Your copy should match the listing below word for word, with no images in it.

--------------------------------------------------

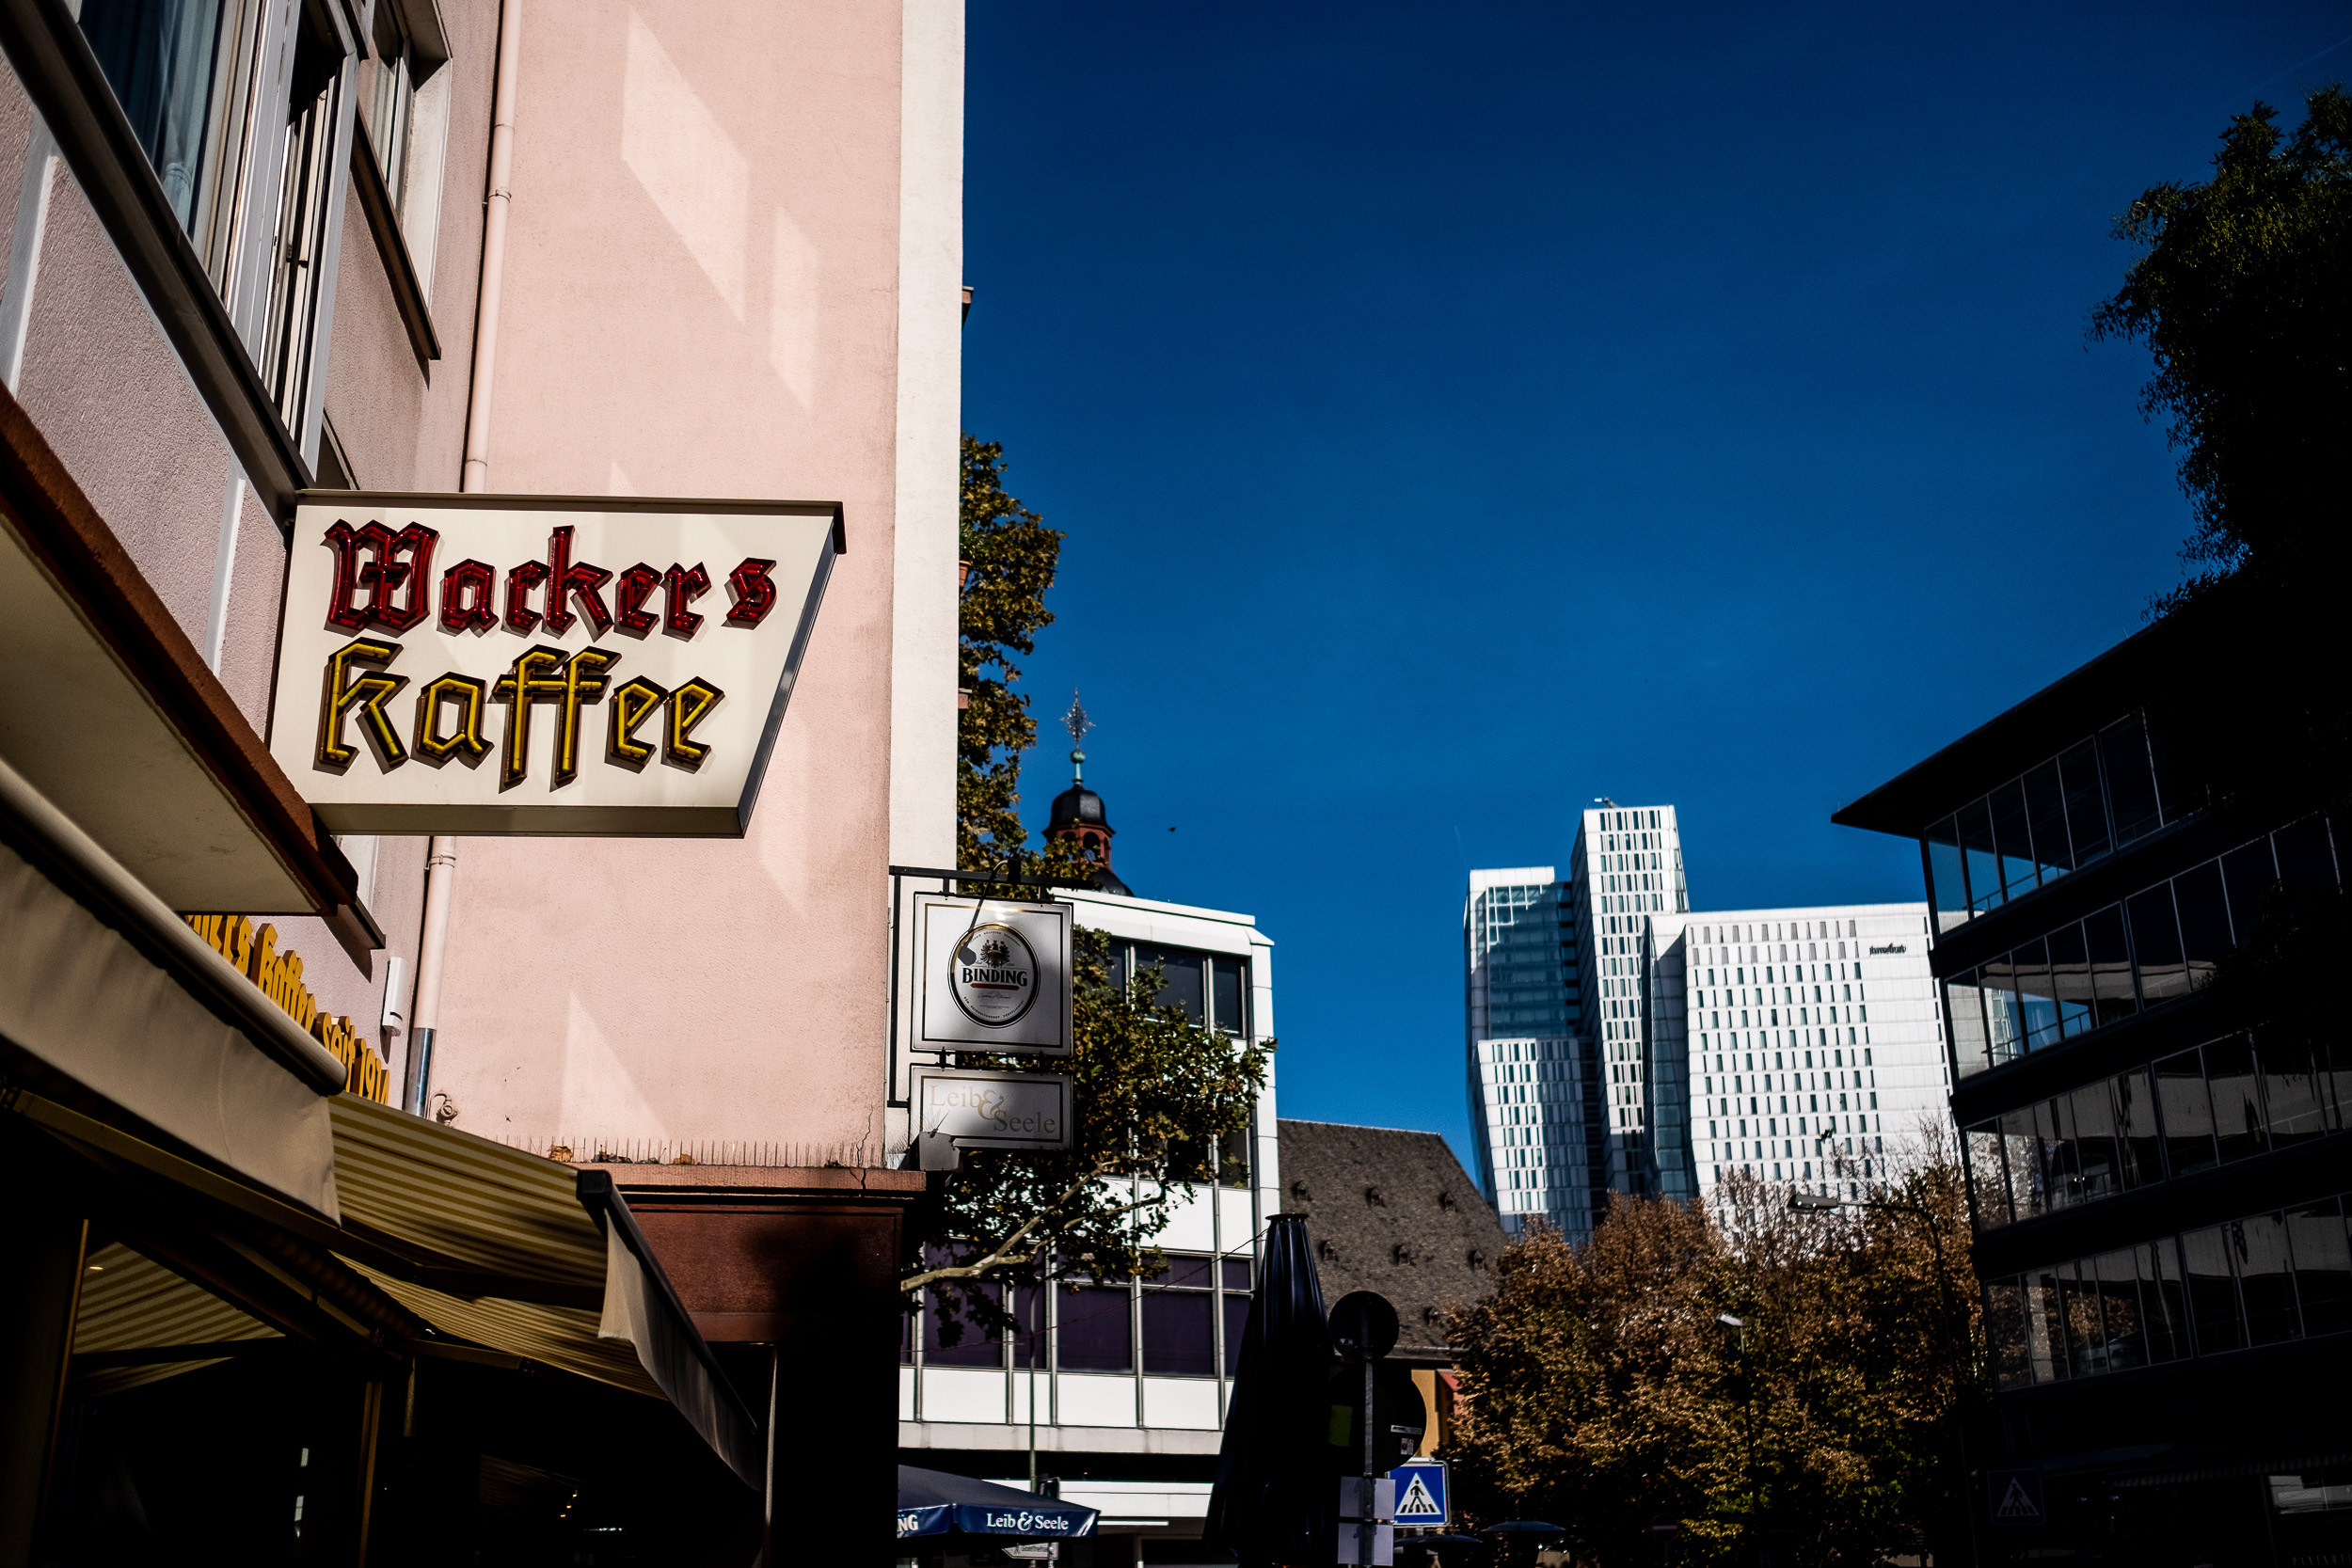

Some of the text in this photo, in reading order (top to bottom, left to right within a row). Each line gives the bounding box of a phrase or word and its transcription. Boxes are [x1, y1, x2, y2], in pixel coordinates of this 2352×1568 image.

[315, 636, 726, 790] Kaffee
[962, 967, 1028, 988] BINDING
[929, 1085, 980, 1108] Leib
[993, 1111, 1057, 1134] Seele
[987, 1512, 1069, 1531] Leib & Seele

--------------------------------------------------

Finished task:
Some of the text in this photo, in reading order (top to bottom, left to right within a row). Each line gives the bounding box of a phrase or word and its transcription. Boxes are [x1, y1, x2, y2], in pixel coordinates of this 2352×1568 image.

[315, 636, 726, 790] Kaffee
[962, 967, 1028, 988] BINDING
[929, 1085, 980, 1108] Leib
[993, 1111, 1057, 1134] Seele
[987, 1512, 1069, 1531] Leib & Seele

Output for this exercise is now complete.